"Time was, when there was no need to stop and rearrange it,
Now I've got a memory and I don't want to change it."
Ahoy fellow former and current GameSpotters. Been, ugh, quite a while since I wrote a blog on this site. It's very infrequent that I check GameSpot these days. Its more of a time-capsule for me now, although sadly an incomplete one. The deletion of various forums in 2013/14 including the old GameSpot UK Forum (where I posted the most) means that a lot of my history from that era is irretrievably lost. Now when I visit the forums and I see Off-Topic barely posted in, and many forums not having had posts in months, it saddens me in a way. Things change of course, but it didn't have to be like this. GameSpot in that era throughout the 2000s and into the early 2010s was a hive of activity and discussion for video games. Both it, and Giant Bomb I fear are relics; relics I admire and love, but ones which have not moved with the times.
Forums these days are the domain of Reddit, the "forum of forums". The Steam discussion boards also generate a fair bit of activity for popular or new games. But still, GameSpot is like a grand ocean liner, past her prime, but still plenty of faded glory. And I certainly would be very sad to see the site closed or downgraded. But the constant movement of the site through a variety of corporate owners has hollowed it out. So many things from that "golden era" of GameSpot were not adequately catalogued. Many of the podcasts and videos survive, but others do not. It just goes to show that people think that everything is permanent on the Internet, but actually it can so easily be lost, without anyone taking active steps to preserve it.
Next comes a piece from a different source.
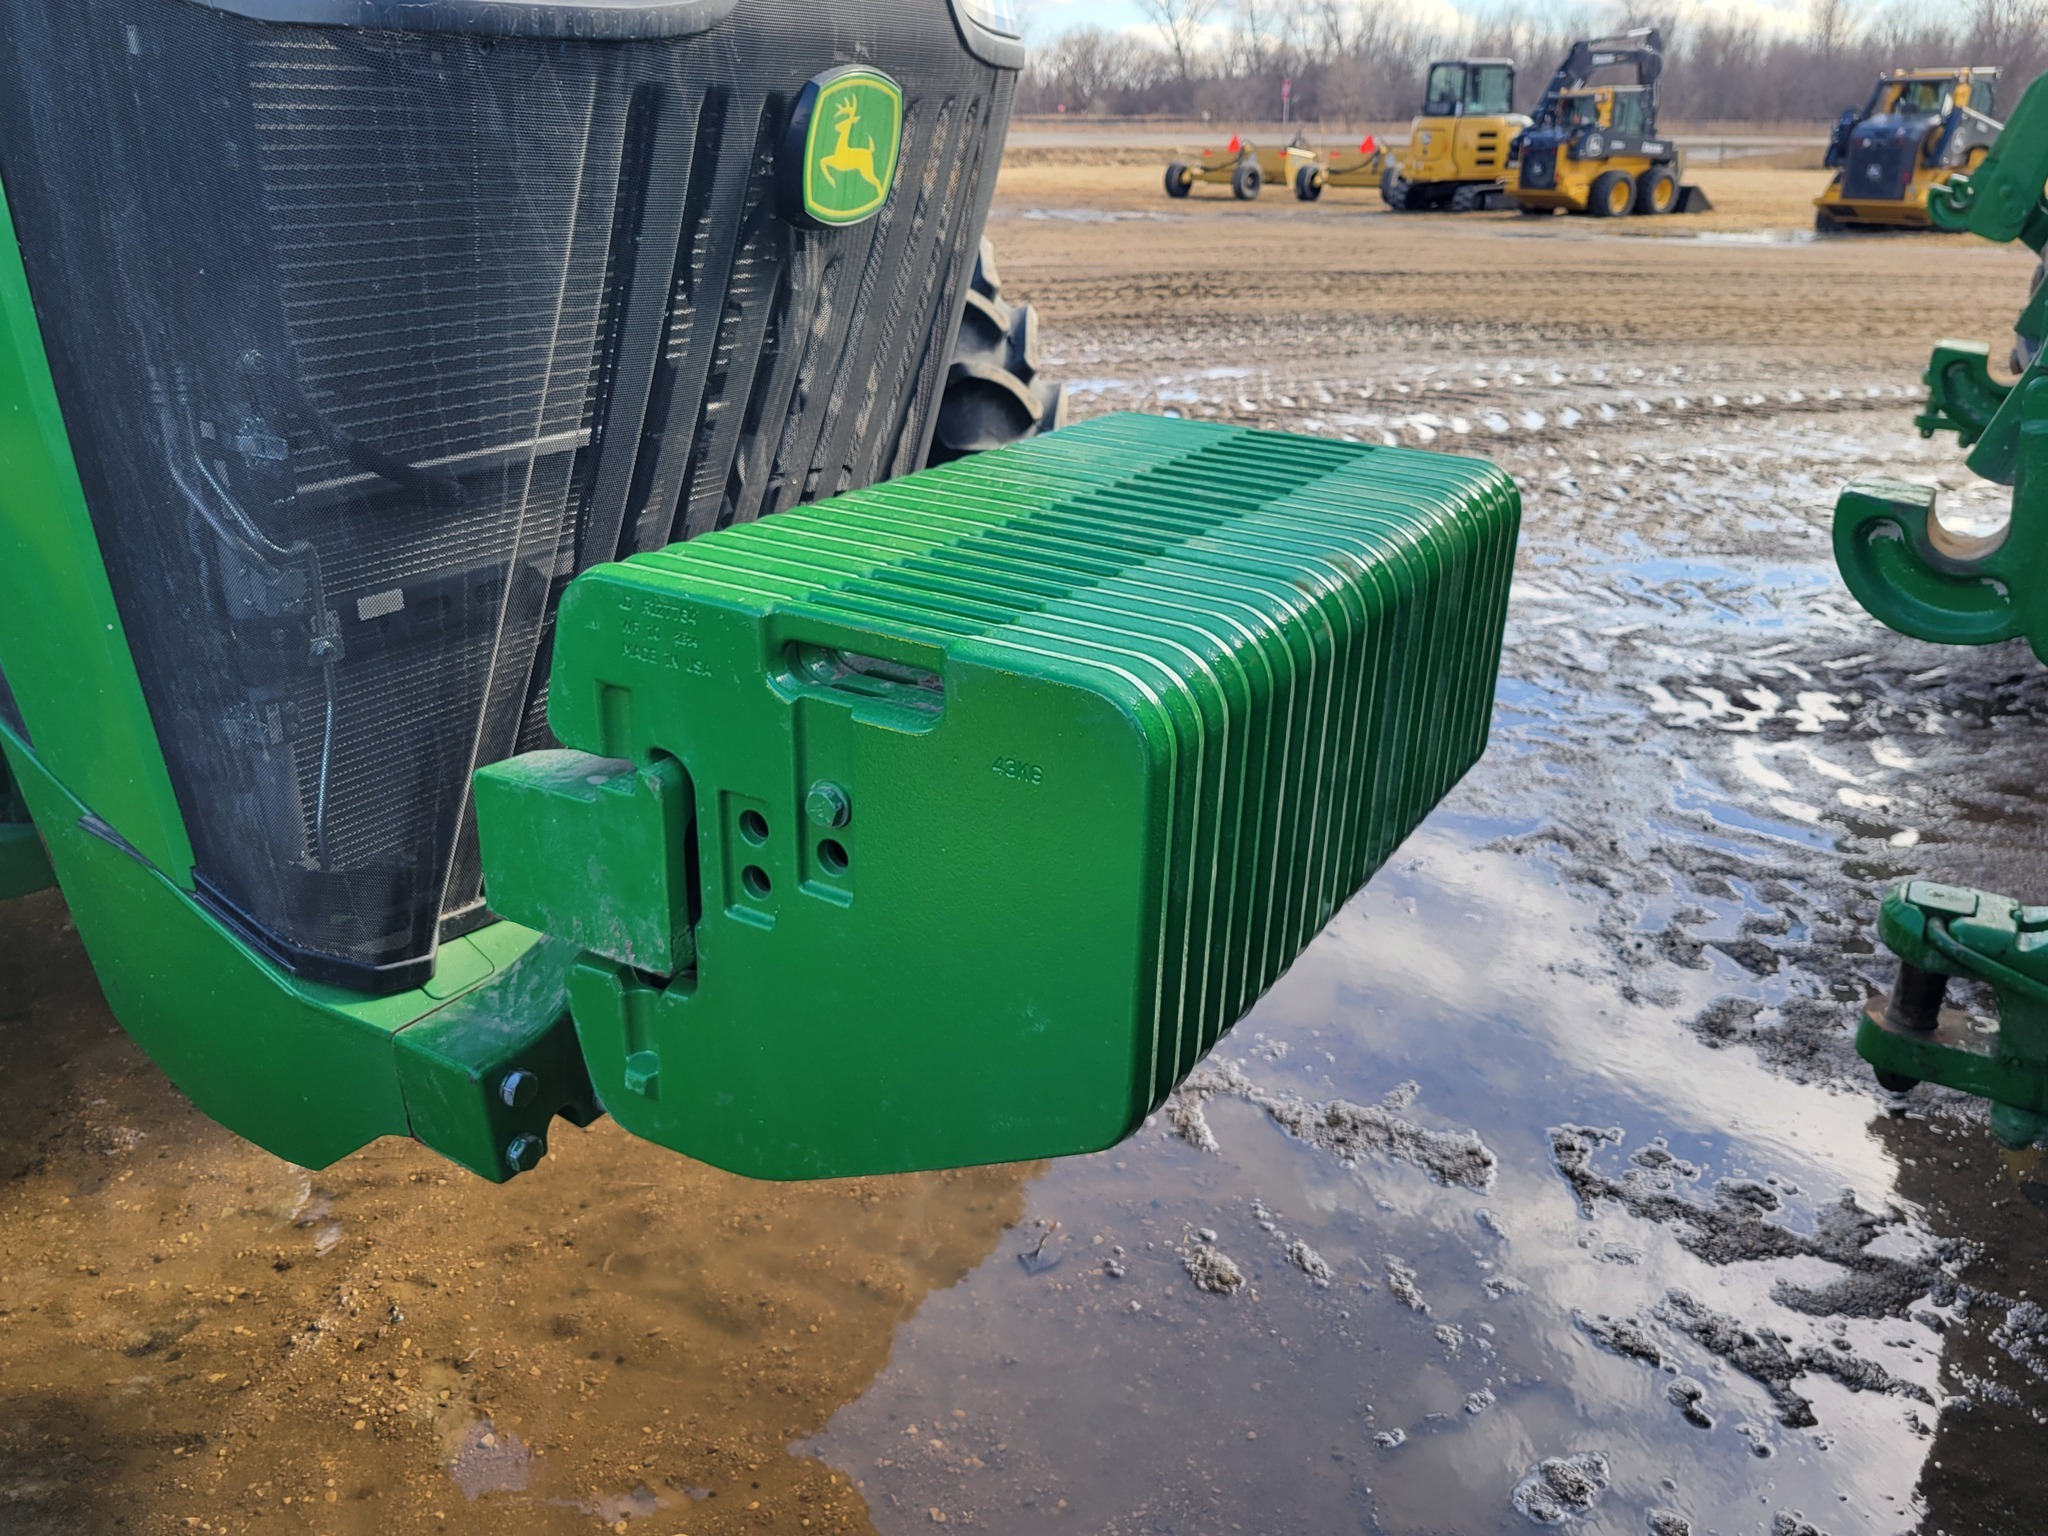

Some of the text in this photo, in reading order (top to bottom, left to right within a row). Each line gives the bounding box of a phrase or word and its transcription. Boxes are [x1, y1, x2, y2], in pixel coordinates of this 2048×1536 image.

When I resigned as a GameSpot Moderator in 2014 I was concerned about the direction of the site, and unfortunately, in the following almost decade I have mostly been proven right. The people who work for GameSpot today are still great people, but without an adequate audience, I fear for the "Waypoint scenario" as we have just seen from Vice. I hope that won't happen and a site like GameSpot can still exist in the modern era of video games journalism and discussion, but my levels of hope are unfortunately low.
Anyway, didn't want to be all doom-and-gloom. To anyone who remembers me: Hello! I hope you're well. I'm good, working, you know what life is. A job I generally enjoy, so can't complain in that regard. Still play video games, still review them over at entertainium.co. Do feel free to check it out! I'm still on Twitter as well (mostly tweeting politics mixed in with some film and video games) and you can find me at gbrading until Elon Musk decides to irretrievably destroy the site for good. Otherwise, find me on Steam! Also gbrading. Always up for chatting with people from the GameSpot heydays. Still watch the Nextlander guys pretty regularly, Jeff Gerstmann occasionally. And follow the former Waypoint guys whom I wish the best of success with their Remap project. That's about it for now; who knows where the time goes? Time just keeps marching resolutely forward and we'd be fools to try and stop it.